[Start of Attachment]
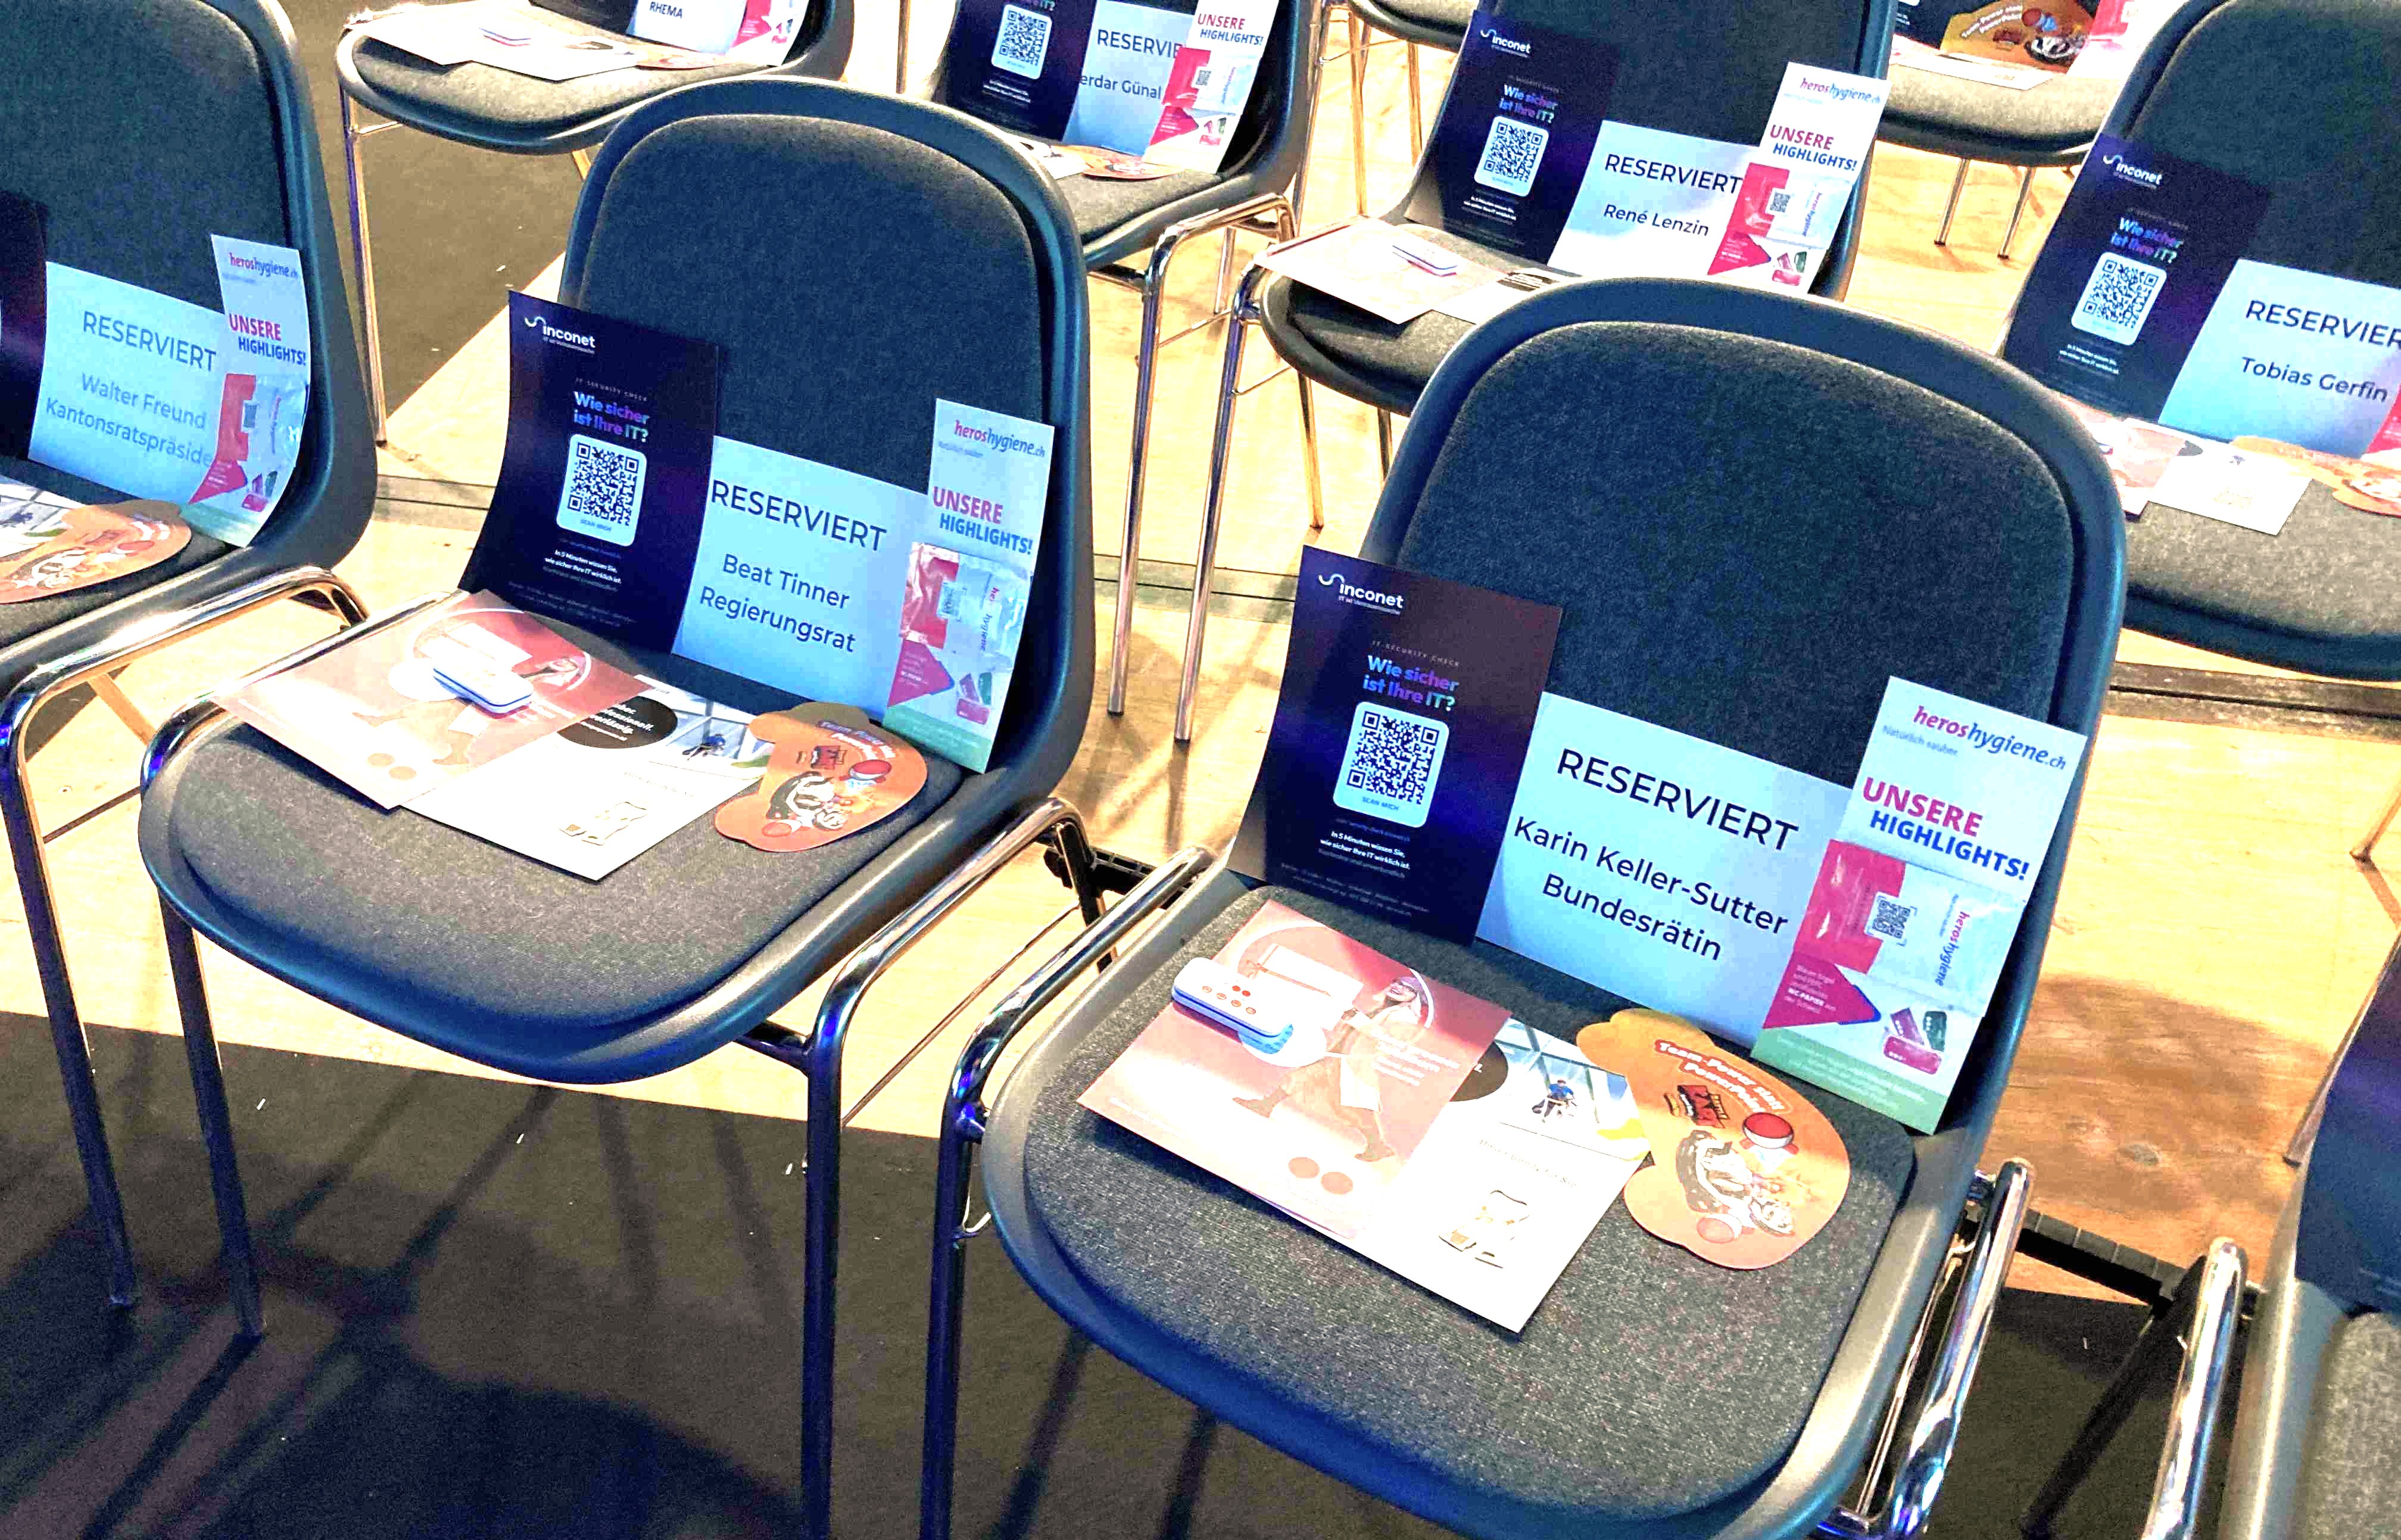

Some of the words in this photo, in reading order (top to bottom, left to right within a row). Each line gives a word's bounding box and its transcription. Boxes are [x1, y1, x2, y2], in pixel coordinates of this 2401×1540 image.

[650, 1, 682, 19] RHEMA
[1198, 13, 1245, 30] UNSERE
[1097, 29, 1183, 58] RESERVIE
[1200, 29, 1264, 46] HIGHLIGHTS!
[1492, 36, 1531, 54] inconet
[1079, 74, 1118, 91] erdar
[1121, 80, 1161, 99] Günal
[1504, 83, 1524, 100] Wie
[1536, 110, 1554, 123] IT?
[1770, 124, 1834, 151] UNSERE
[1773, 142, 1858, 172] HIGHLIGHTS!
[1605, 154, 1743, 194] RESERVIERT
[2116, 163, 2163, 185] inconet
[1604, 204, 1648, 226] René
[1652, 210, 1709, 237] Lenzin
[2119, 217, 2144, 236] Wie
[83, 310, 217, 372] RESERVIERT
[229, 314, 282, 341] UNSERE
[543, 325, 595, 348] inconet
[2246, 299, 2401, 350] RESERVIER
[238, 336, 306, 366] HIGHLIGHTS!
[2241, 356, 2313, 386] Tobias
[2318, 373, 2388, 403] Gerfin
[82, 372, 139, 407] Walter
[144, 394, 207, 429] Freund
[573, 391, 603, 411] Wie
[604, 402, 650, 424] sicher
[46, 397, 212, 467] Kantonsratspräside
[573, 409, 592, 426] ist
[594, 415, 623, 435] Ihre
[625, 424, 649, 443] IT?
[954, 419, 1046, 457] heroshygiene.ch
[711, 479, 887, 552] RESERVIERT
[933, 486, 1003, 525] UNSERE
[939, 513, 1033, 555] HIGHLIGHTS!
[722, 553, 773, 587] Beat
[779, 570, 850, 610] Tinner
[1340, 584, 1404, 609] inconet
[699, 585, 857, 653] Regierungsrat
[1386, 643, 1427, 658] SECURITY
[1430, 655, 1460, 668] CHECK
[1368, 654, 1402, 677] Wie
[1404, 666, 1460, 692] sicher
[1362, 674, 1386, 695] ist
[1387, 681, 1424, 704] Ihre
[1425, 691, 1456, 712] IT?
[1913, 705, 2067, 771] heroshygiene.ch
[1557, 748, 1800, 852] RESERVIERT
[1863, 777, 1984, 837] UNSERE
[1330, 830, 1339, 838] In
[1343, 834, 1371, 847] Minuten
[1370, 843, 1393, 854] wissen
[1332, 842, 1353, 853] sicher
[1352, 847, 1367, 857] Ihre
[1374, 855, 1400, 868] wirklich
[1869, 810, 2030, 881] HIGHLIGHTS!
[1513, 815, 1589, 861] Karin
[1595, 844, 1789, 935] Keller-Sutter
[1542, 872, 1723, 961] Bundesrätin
[End of Attachment]
[Your task]: Every line above with the word "inconet" belongs in the answer, copied as written.

[Result below]:
[1492, 36, 1531, 54] inconet
[2116, 163, 2163, 185] inconet
[543, 325, 595, 348] inconet
[1340, 584, 1404, 609] inconet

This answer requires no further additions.